Entering edit mode
10.7 years ago
dapregi
▴
50
When creating VCF files with bcftools I can obtain only the variant positions using -v option. But when I have a VCF file with all postions and I want to filter only for the ones with variations, which is the most appropiate option in vcftools?
I could do
bcftools -Scvg allpositions.vcf.gz > only_variants.vcf
But recalling the SNVs and genotypes seems a waste of CPU cycles to me.

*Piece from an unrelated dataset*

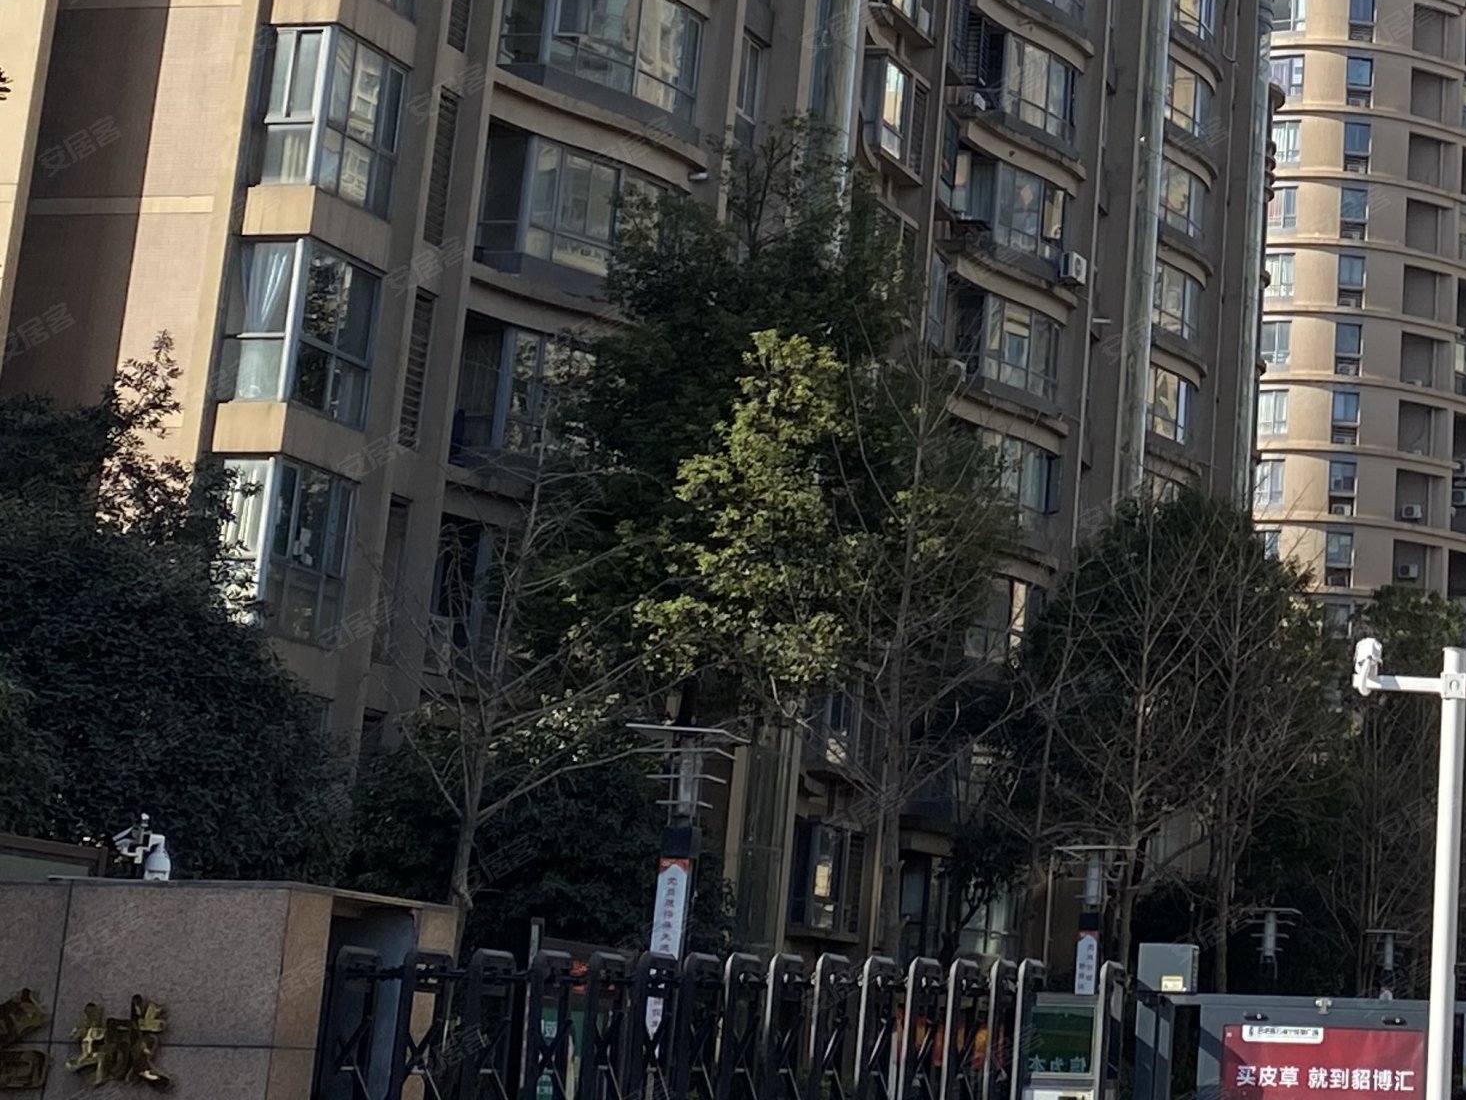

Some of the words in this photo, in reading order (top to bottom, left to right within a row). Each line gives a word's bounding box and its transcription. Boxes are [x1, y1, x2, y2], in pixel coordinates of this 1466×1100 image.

[1236, 1065, 1300, 1088] 买皮草
[1307, 1066, 1415, 1092] 就到貂博汇

I am not sure if it would be better to use any of these options in vcftools:
--non-ref-ac <float>
--max-non-ref-ac <float>
Include only sites with all Non-Reference Allele Counts within the specified range.
Or:
--min-alleles <int>
--max-alleles <int>
Include only sites with a number of alleles within the specified range. For example, to include only bi-allelic sites, one could use:
vcftools --vcf file1.vcf --min-alleles 2 --max-alleles 2
Any help would be appreciated, and sorry if this has been asked before but I am not finding an answer for it.
what do you mean exactly with "only variation sites"?
Sites where an alternative allele has been found and genotype is "0/1" or "1/1". This is for single sample vcf files. When I have large multisample vcf I apply another filter like 'remove all-homozygote positons' to deal with reference alleles that are indeed variants not seen in our population.